Sunday, October 25, 2009

What's Inside?

What's Inside?
by Giles Laroche
Houghton Mifflin, 2009
Review copy received from the publisher

This is the perfect book to invite children to think about both ancient and modern architecture.

On one page, there is a multi-media illustration of an architectural structure made with intricate bas-relief cut-paper collages. (Laroche says on the back flap that creating this book "was somewhat like building the actual structures themselves: Each illustration involved many stages of drawing, cutting, painting, and gluing, and often ended up with seven or eight layers.") The illustration of the structure is accompanied by a short, descriptive paragraph of text and the question, "What's Inside?" When you turn the page, there is another illustration, and another short, descriptive paragraph of text about what can be found (or was once found) inside the structure. For the reader who wants a little more information, there are factoids in the sidebar that tell the name of the structure, its location, the date of construction, its height, the materials used to make it, its status today and a little known fact.
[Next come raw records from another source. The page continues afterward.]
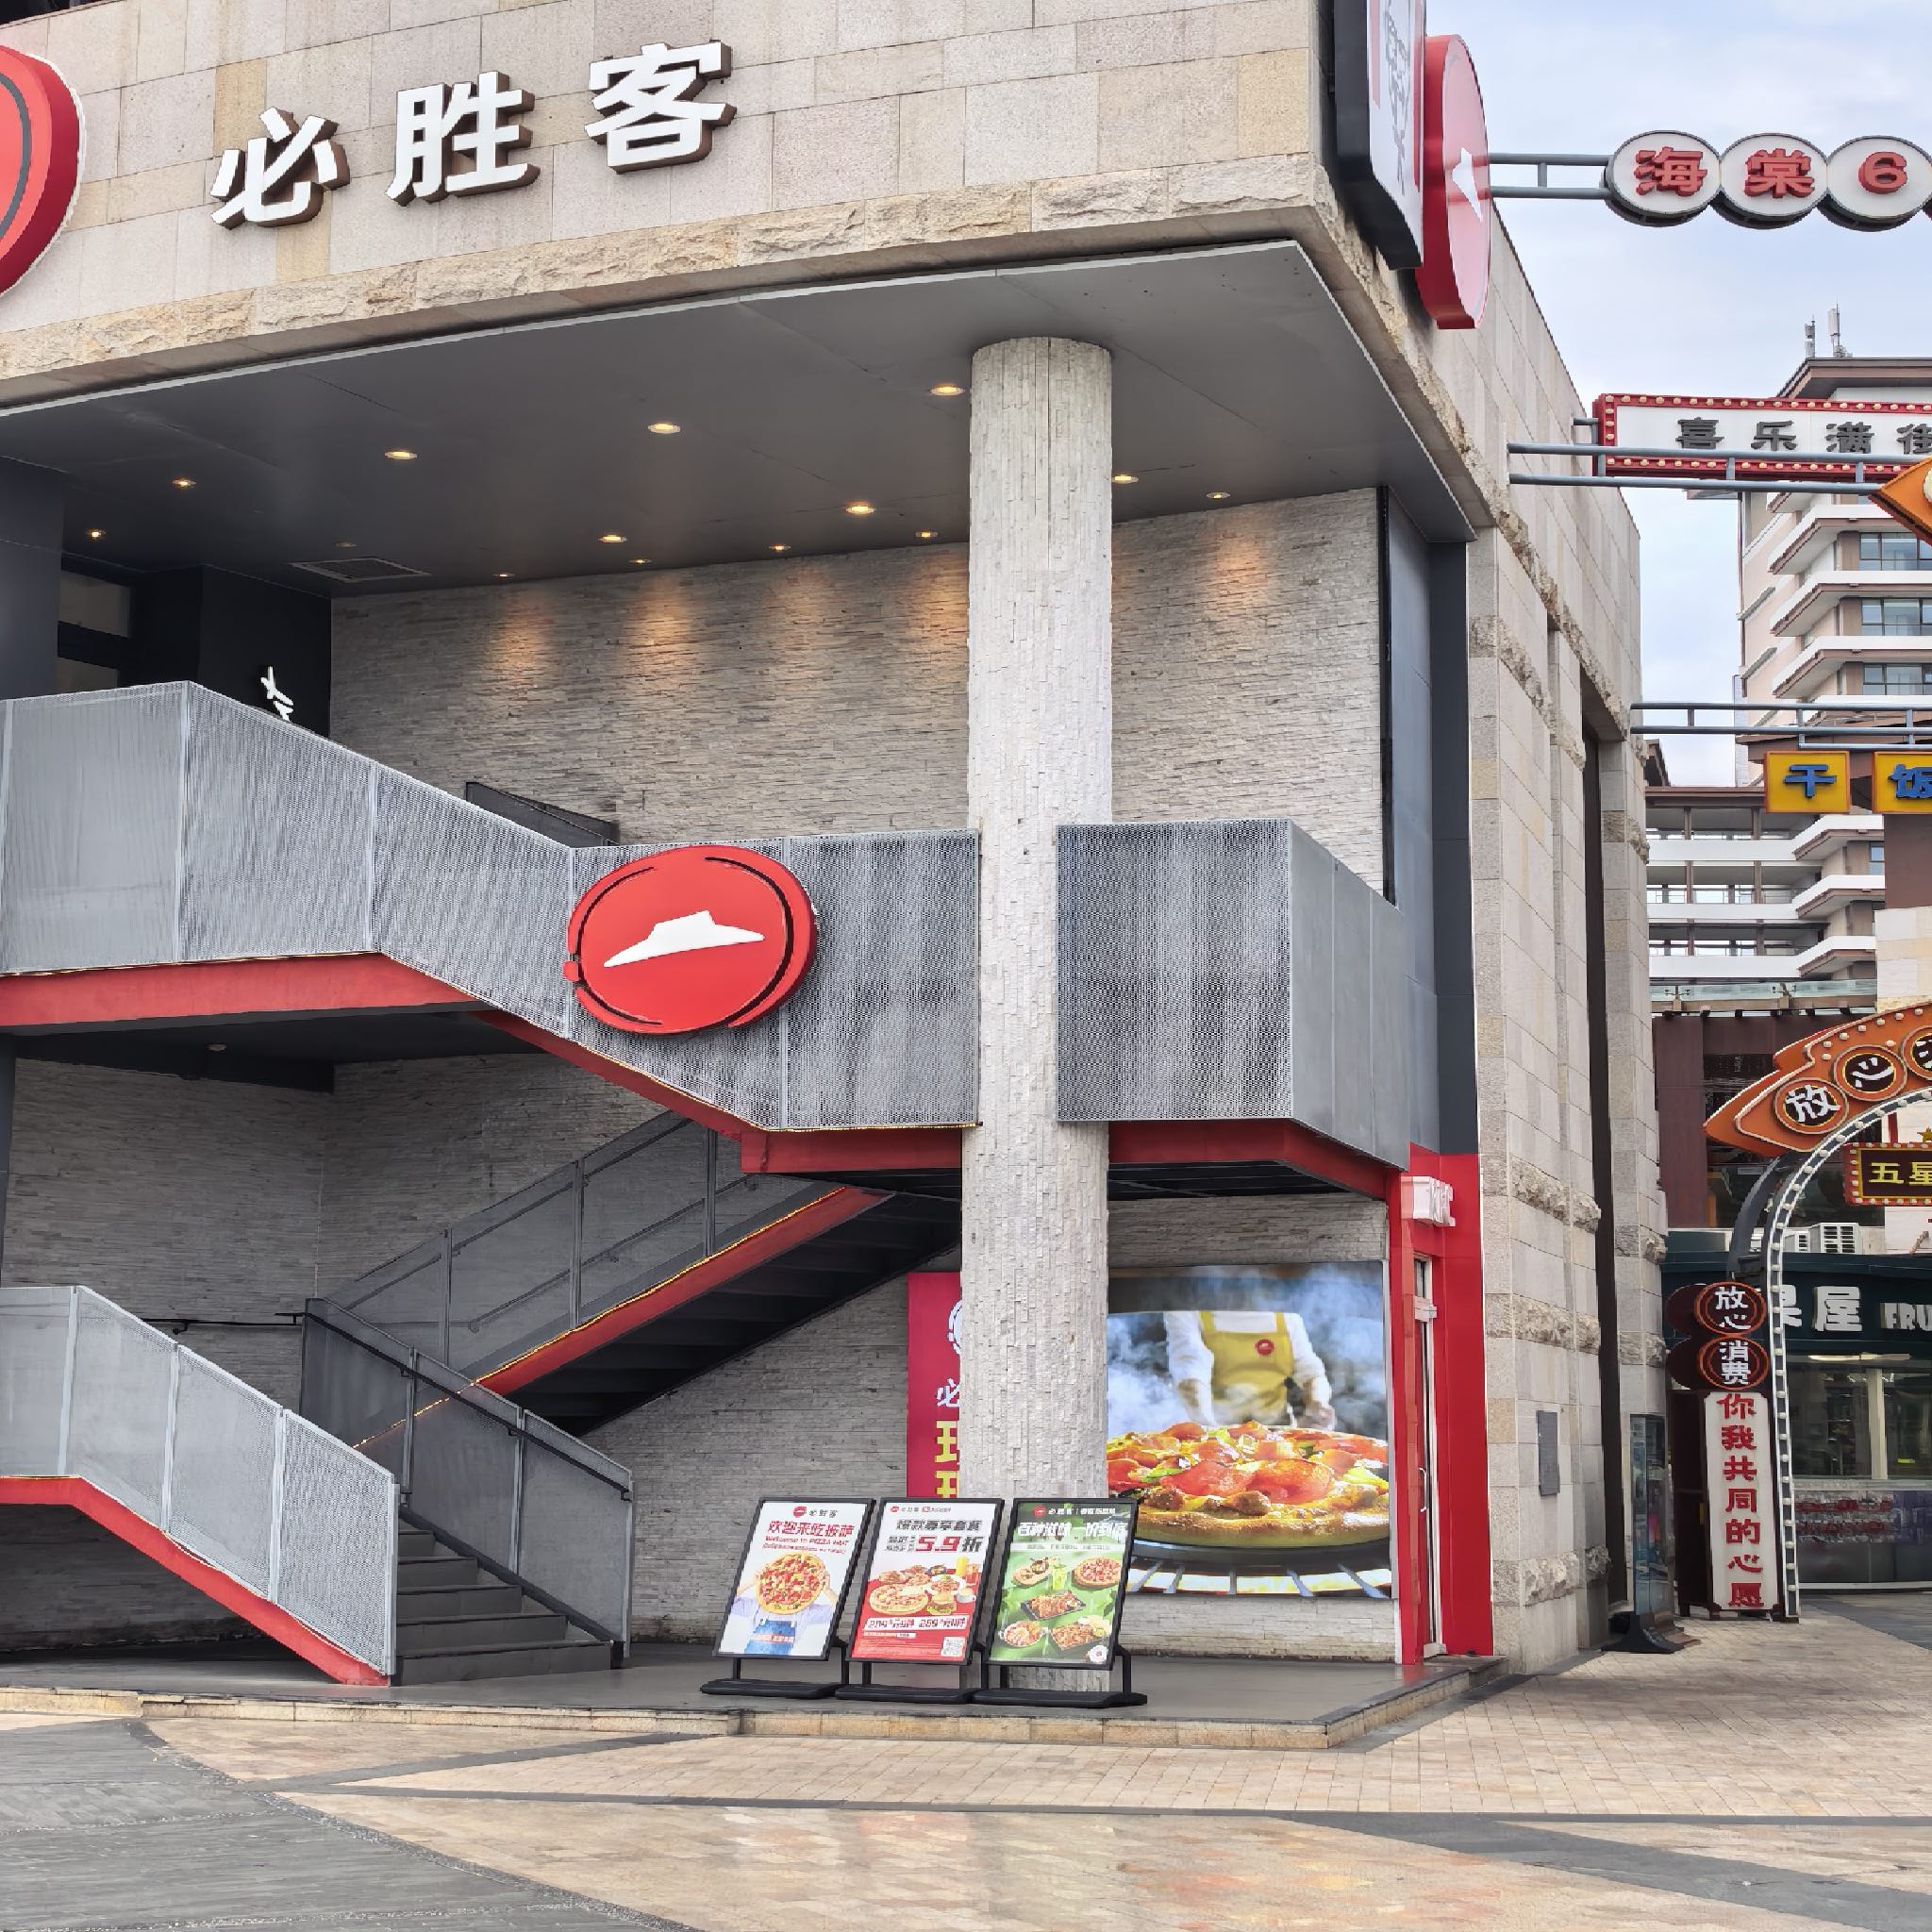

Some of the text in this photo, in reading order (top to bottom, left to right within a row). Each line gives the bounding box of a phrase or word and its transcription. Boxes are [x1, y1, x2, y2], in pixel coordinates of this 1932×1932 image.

[209, 40, 737, 230] 必胜客
[1716, 1392, 1764, 1607] 你我共同的心愿
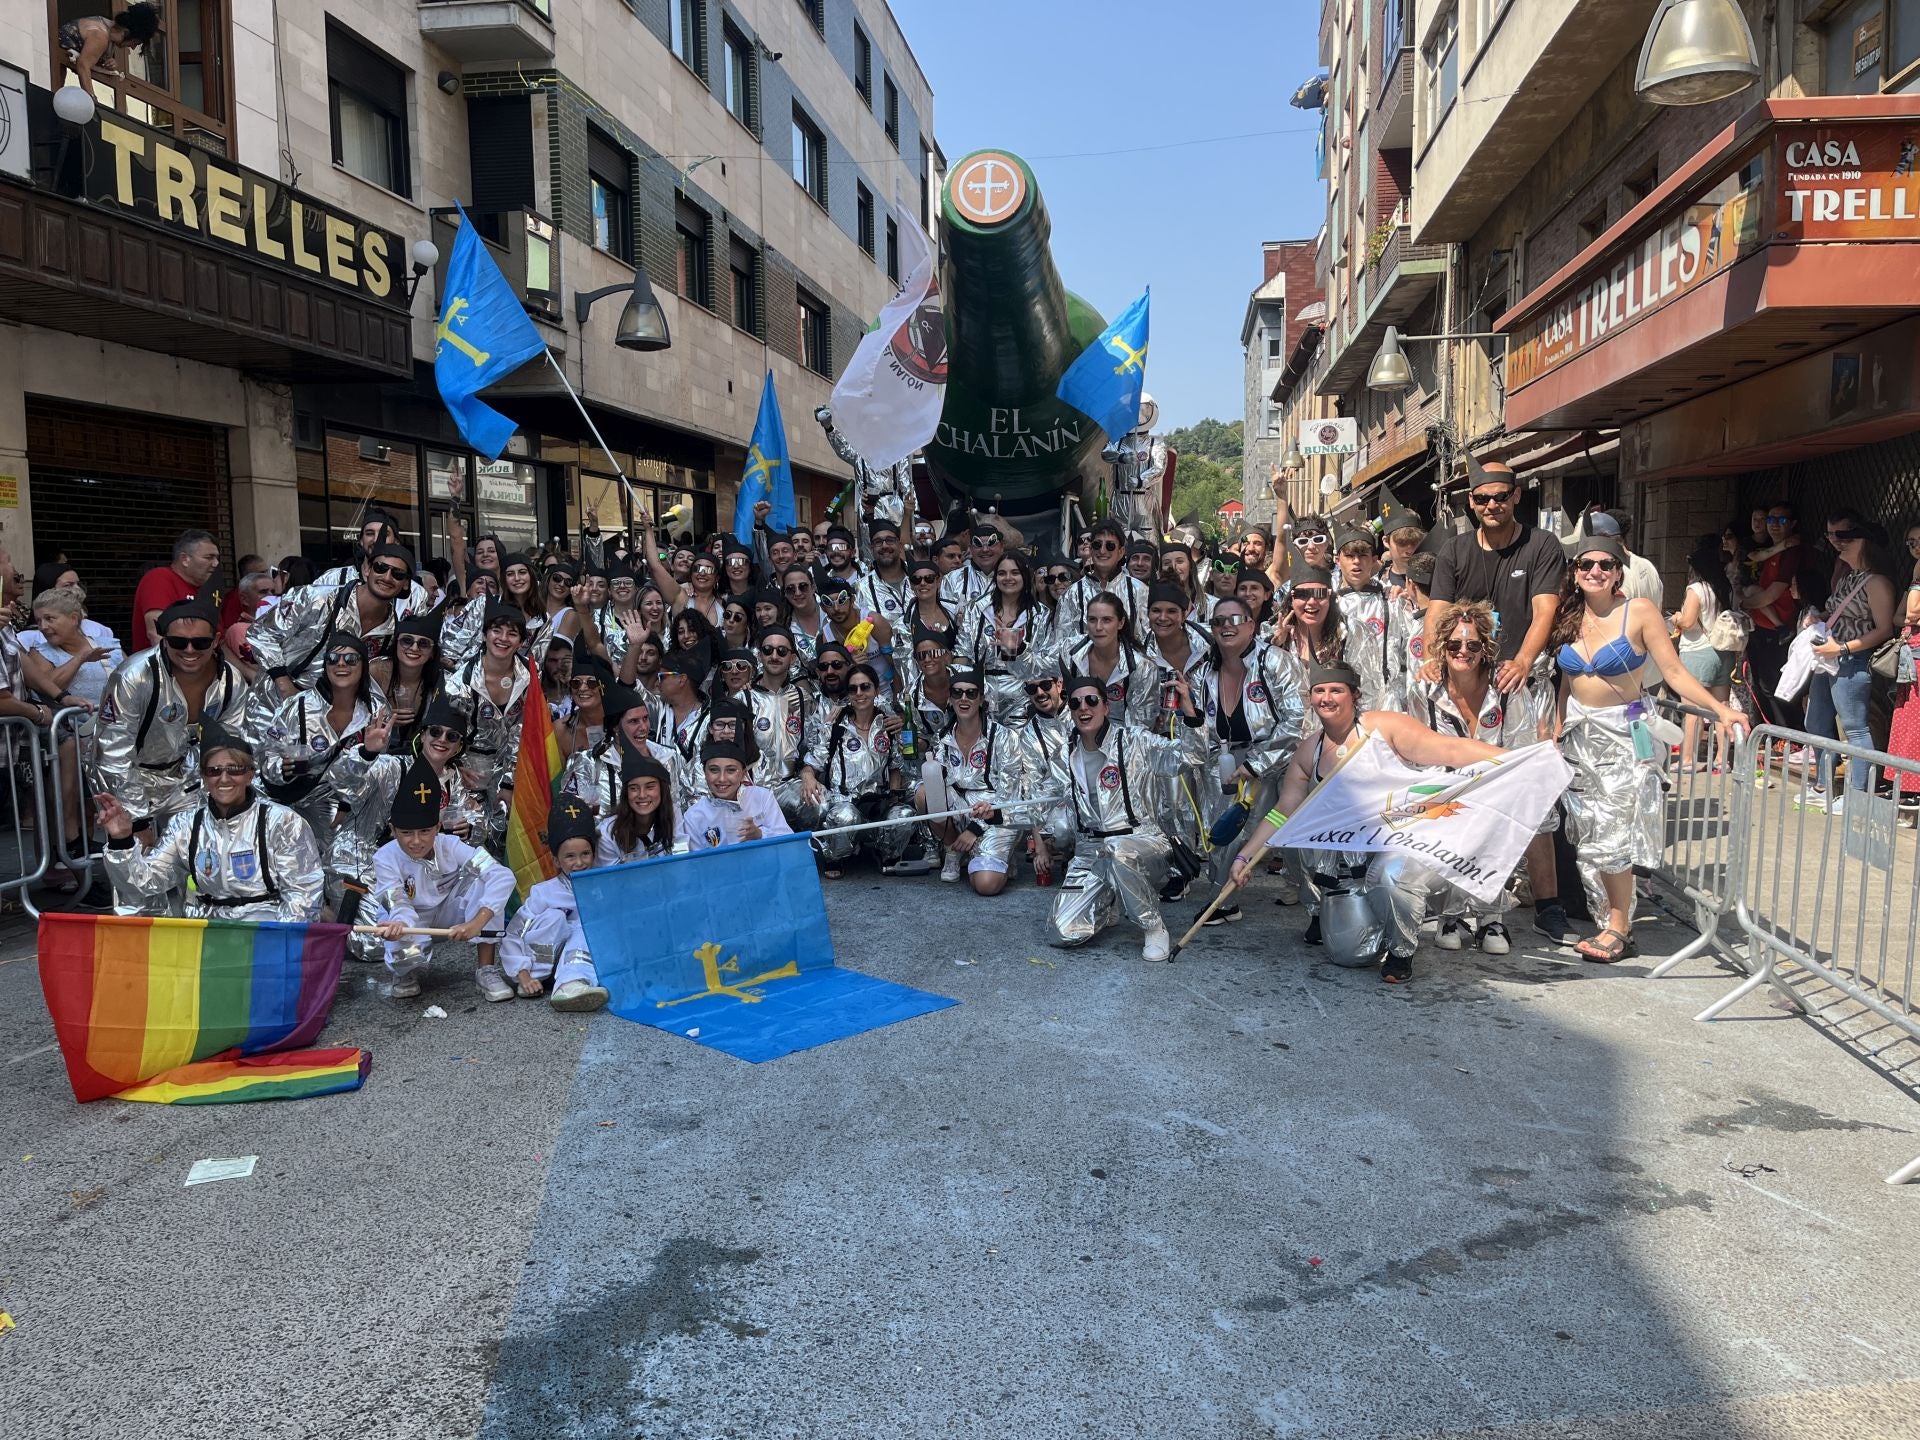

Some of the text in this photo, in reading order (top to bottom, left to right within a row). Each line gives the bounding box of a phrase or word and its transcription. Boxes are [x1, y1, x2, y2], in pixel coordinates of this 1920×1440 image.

[1786, 140, 1861, 168] CASA
[1842, 171, 1861, 180] 1910
[101, 120, 391, 297] TRELLES
[1785, 187, 1920, 222] TRELL
[1544, 208, 1701, 348] CASA TRELLES
[990, 407, 1031, 434] EL
[935, 417, 1081, 458] CHALANÍN
[1304, 443, 1354, 454] BUNKAI
[1309, 825, 1367, 843] uxa'
The structures range from Egyptian tombs and Mayan temples, to Independence Hall and a Shaker barn, to the Sydney Opera House and the Petronas Twin Towers in Malaysia.

The final illustrations cleverly invite readers back into the book to make connections and to find architectural details in the structures.

An illustrated glossary of architectural terms is included.

3 comments:

  1. I love books like this! Thanks for the review. I hope our library has it.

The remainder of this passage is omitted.